Mobile Media: Making-Cooperation-Work

The Charting the Digital team will be making an appearance at the upcoming ‘Mobile Media: Making-Cooperation-Work’ conference in Siegen from the 19th-21st June 2014. As the conference organizers posit:

The growing mobility of people, data and infrastructures is presenting media with new challenges. Where virtuality was till the centre of attention in immobile use, smart-phones, in particular, are currently showing us how central social connectivity, contextual sensing, micro-coordination, and haptic feedback are to our understanding of media practices. At the same time, a variety of phenomena that could be understood as mobile media, such as map apps or connected vehicles, reveal that more and more infrastructures, goods and tools have to be digital and networked in order to make a mediation process possible, as actually portrayed with the Internet of Things. Thus, what this conference aims to focus on, is the specifities of certain media as forms for cooperation.
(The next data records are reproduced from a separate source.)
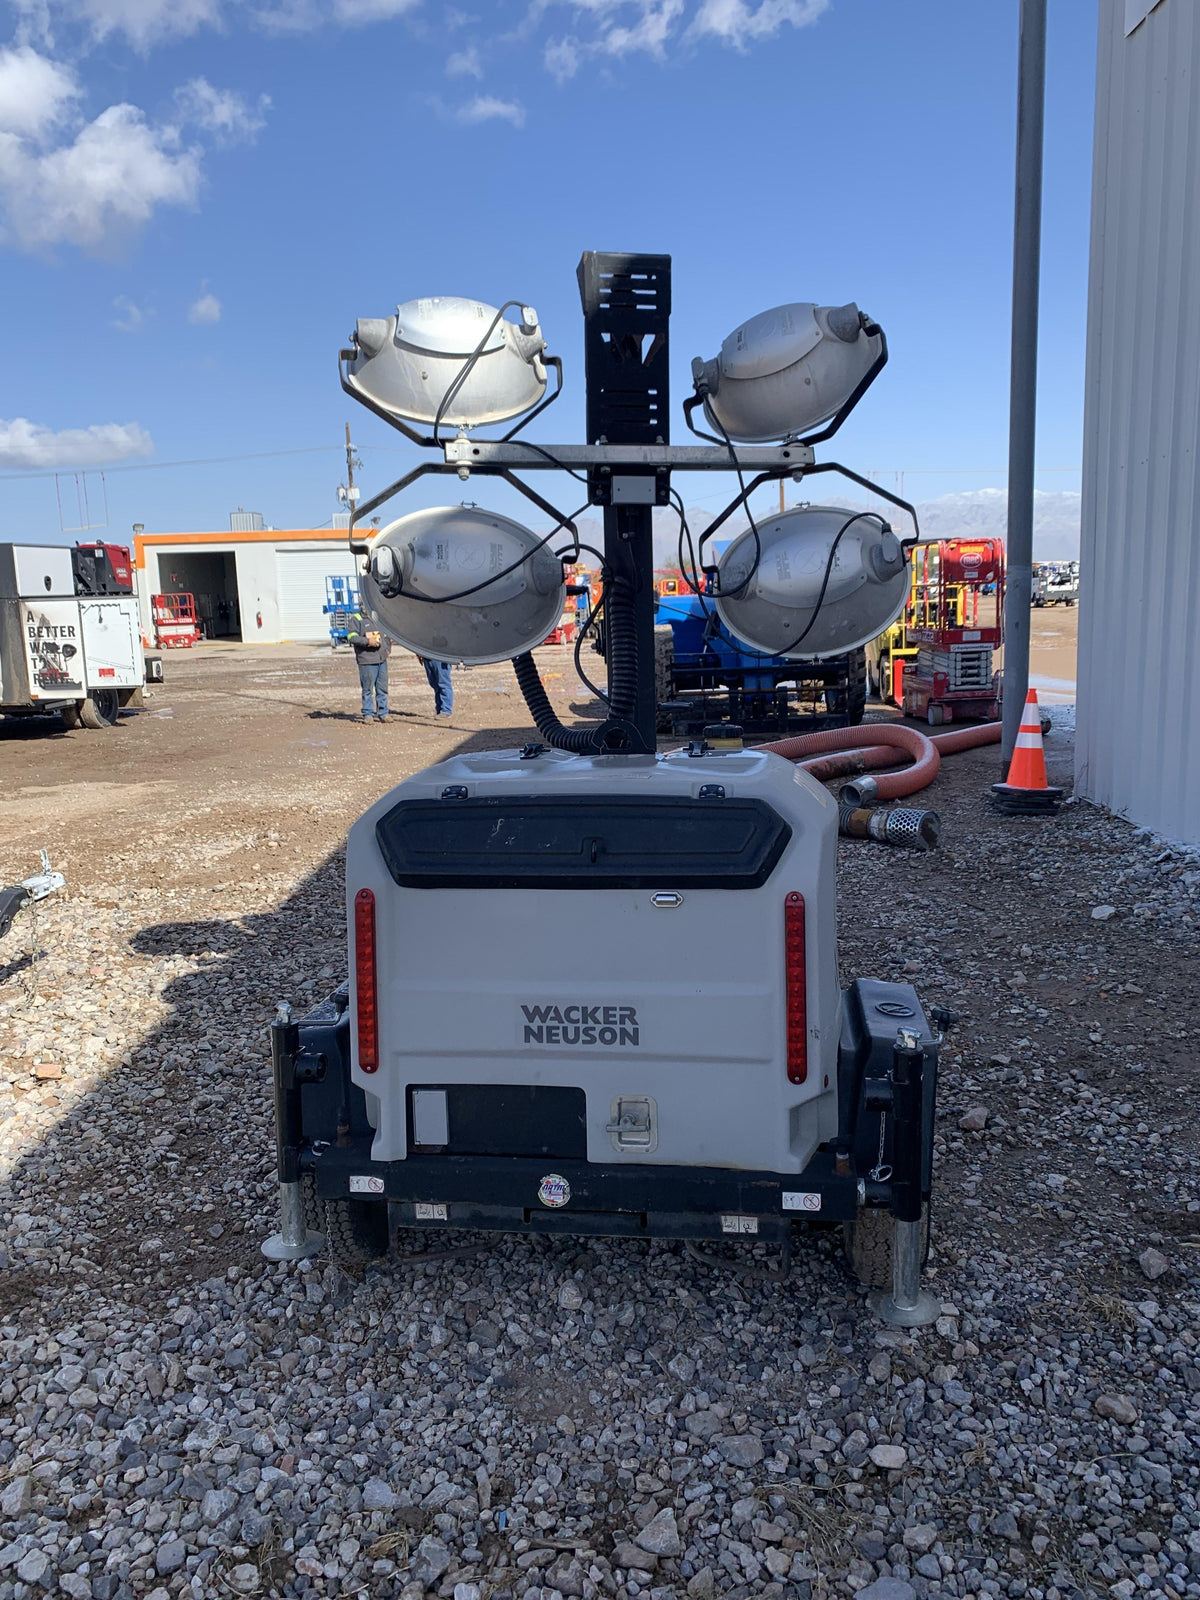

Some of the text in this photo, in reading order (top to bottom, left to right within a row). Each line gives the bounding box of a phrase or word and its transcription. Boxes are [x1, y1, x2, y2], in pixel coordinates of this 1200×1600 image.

[27, 611, 34, 622] A
[28, 626, 76, 638] BETTER
[520, 1005, 639, 1025] WACKER
[524, 1025, 640, 1046] NEUSON
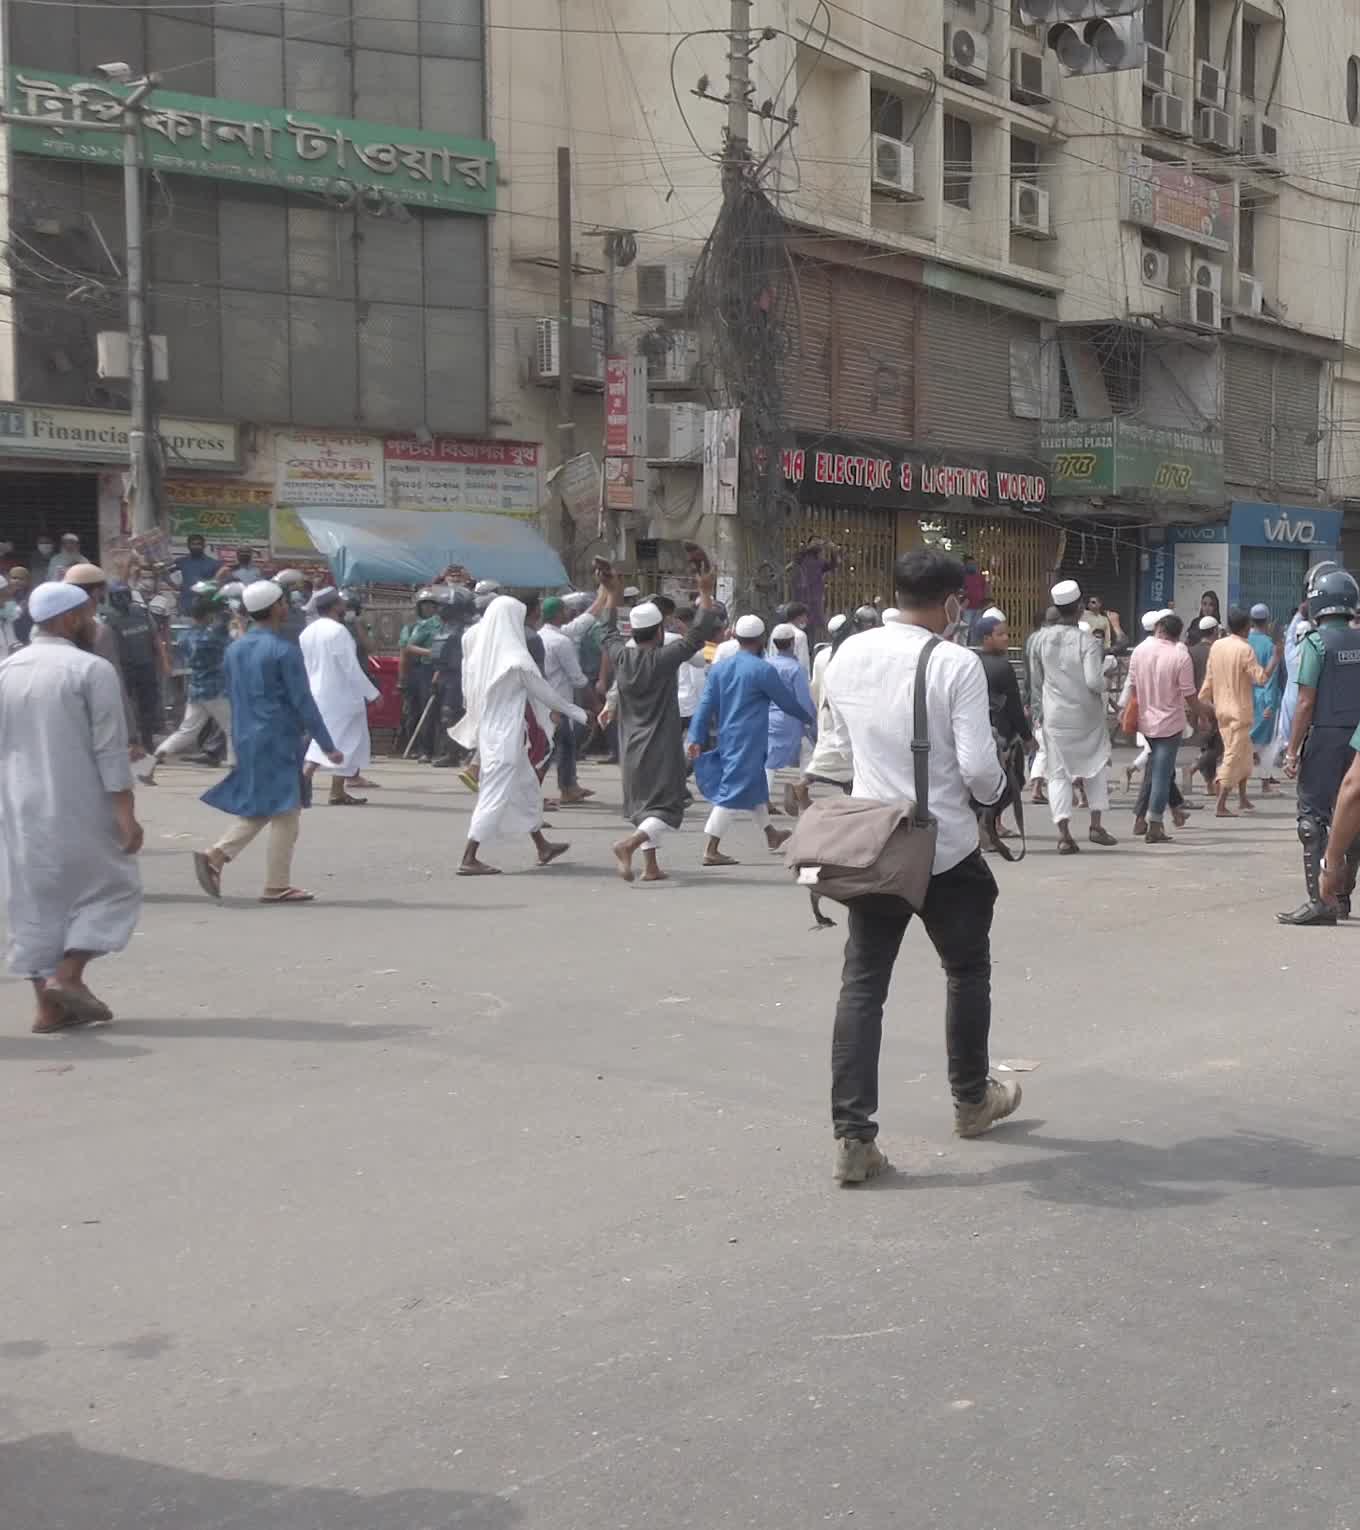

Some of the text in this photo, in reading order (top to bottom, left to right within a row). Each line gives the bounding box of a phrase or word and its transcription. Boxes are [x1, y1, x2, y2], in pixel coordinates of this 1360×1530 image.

[285, 113, 493, 192] টাওয়ার
[32, 420, 226, 452] Financia xpress
[815, 451, 892, 491] ELECTRIC
[900, 463, 913, 492] &
[921, 464, 989, 498] LIGHTING
[997, 471, 1046, 504] WORLD
[1264, 512, 1316, 544] vivo
Led by Nanna Verhoeff, we intend to present on a recent collaborative experiment soon to be carried out in Oxford, UK. Tentatively titled Footage, the experiment is an attempt to bring together playful, navigational and temporal themes in a practical, urban setting.

More details are available at the conference website here. A brief outline is below:

In Footage we [will] use…playful and mobile methods to experiment with notions of temporality, mapping media and space. As a collaborative “experiment” it builds on the ideas of Michel de Certeau: of walkers’ traces and tactics and of spatial and navigational forms, conducted in teams in the city of Oxford as “laboratory” (May 2014). It aim[s] to engage with performative and playful navigational practice-based mobile methodologies and the development of analytical tools for analyzing these mobile and collaborative practices. In this (collaborative) presentation, we will present the goals and design of the experiment, and our experience as researchers working as a team and working with groups of participants.

This mobile game/experiment [i]s specifically designed to reflect on the way in which the city of Oxford holds time and how it comprises a multitude of differing temporalities. The interpretation of these temporalities is experiential – navigational and chronological versus networked and relational. In the experiment we [will] work… with different media maps (still images, moving-image footage, sound, etc.) that encourage…participants to think differently about the way in which you read these maps, experience navigating with them, and then respond to the different temporalities these inform.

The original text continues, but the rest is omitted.